• _PROBLEM TO SOLVE_:
Leave every picture out, and write out the remaining entries exactly.
--- START ---
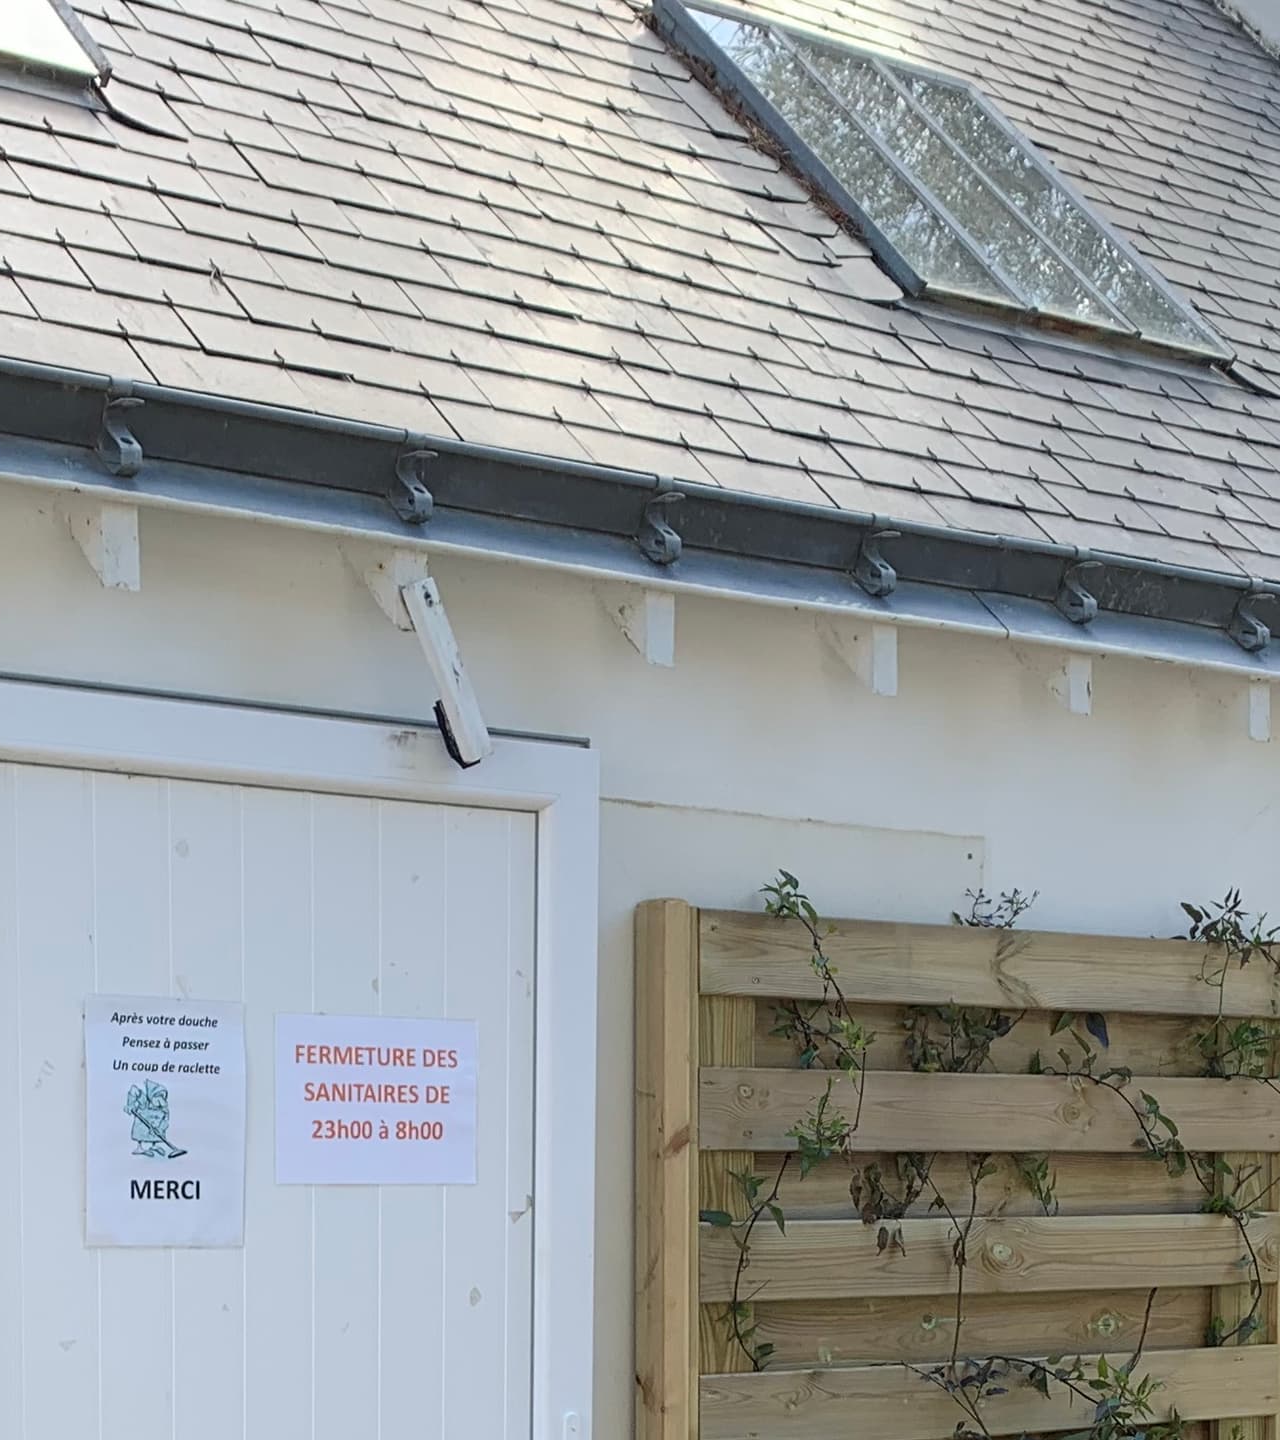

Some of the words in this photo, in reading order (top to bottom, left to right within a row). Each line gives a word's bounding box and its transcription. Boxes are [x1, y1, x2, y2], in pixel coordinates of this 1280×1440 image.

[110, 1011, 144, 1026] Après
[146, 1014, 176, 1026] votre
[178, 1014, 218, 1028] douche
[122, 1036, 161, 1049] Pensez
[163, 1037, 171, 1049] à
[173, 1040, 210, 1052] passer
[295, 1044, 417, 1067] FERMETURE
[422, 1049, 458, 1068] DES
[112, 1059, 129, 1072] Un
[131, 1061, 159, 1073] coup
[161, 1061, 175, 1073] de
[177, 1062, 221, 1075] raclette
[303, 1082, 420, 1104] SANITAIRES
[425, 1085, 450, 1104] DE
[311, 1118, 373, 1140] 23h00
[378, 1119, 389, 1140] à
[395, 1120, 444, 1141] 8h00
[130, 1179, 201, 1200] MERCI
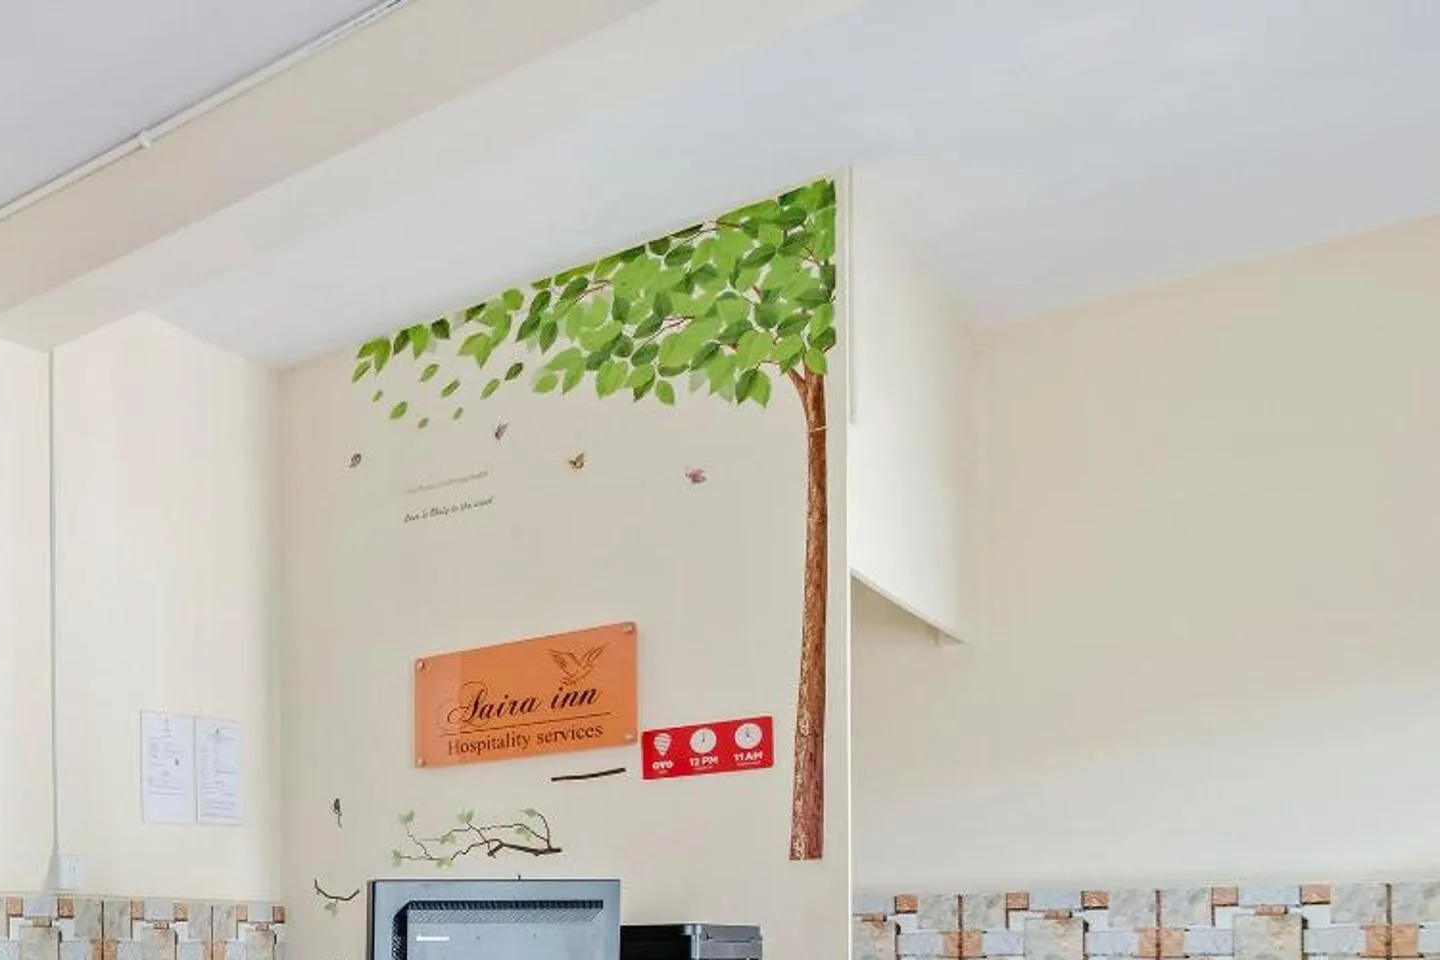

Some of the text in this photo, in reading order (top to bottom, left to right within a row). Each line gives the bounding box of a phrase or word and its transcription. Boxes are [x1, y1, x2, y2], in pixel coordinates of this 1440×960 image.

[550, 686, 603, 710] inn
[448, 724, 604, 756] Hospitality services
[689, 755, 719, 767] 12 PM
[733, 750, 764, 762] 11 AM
--- END ---
• _OUTPUT_:
Some of the words in this photo, in reading order (top to bottom, left to right within a row). Each line gives a word's bounding box and its transcription. Boxes are [x1, y1, x2, y2], in pixel coordinates of this 1280×1440 image.

[110, 1011, 144, 1026] Après
[146, 1014, 176, 1026] votre
[178, 1014, 218, 1028] douche
[122, 1036, 161, 1049] Pensez
[163, 1037, 171, 1049] à
[173, 1040, 210, 1052] passer
[295, 1044, 417, 1067] FERMETURE
[422, 1049, 458, 1068] DES
[112, 1059, 129, 1072] Un
[131, 1061, 159, 1073] coup
[161, 1061, 175, 1073] de
[177, 1062, 221, 1075] raclette
[303, 1082, 420, 1104] SANITAIRES
[425, 1085, 450, 1104] DE
[311, 1118, 373, 1140] 23h00
[378, 1119, 389, 1140] à
[395, 1120, 444, 1141] 8h00
[130, 1179, 201, 1200] MERCI

Some of the text in this photo, in reading order (top to bottom, left to right within a row). Each line gives the bounding box of a phrase or word and its transcription. Boxes are [x1, y1, x2, y2], in pixel coordinates of this 1440×960 image.

[550, 686, 603, 710] inn
[448, 724, 604, 756] Hospitality services
[689, 755, 719, 767] 12 PM
[733, 750, 764, 762] 11 AM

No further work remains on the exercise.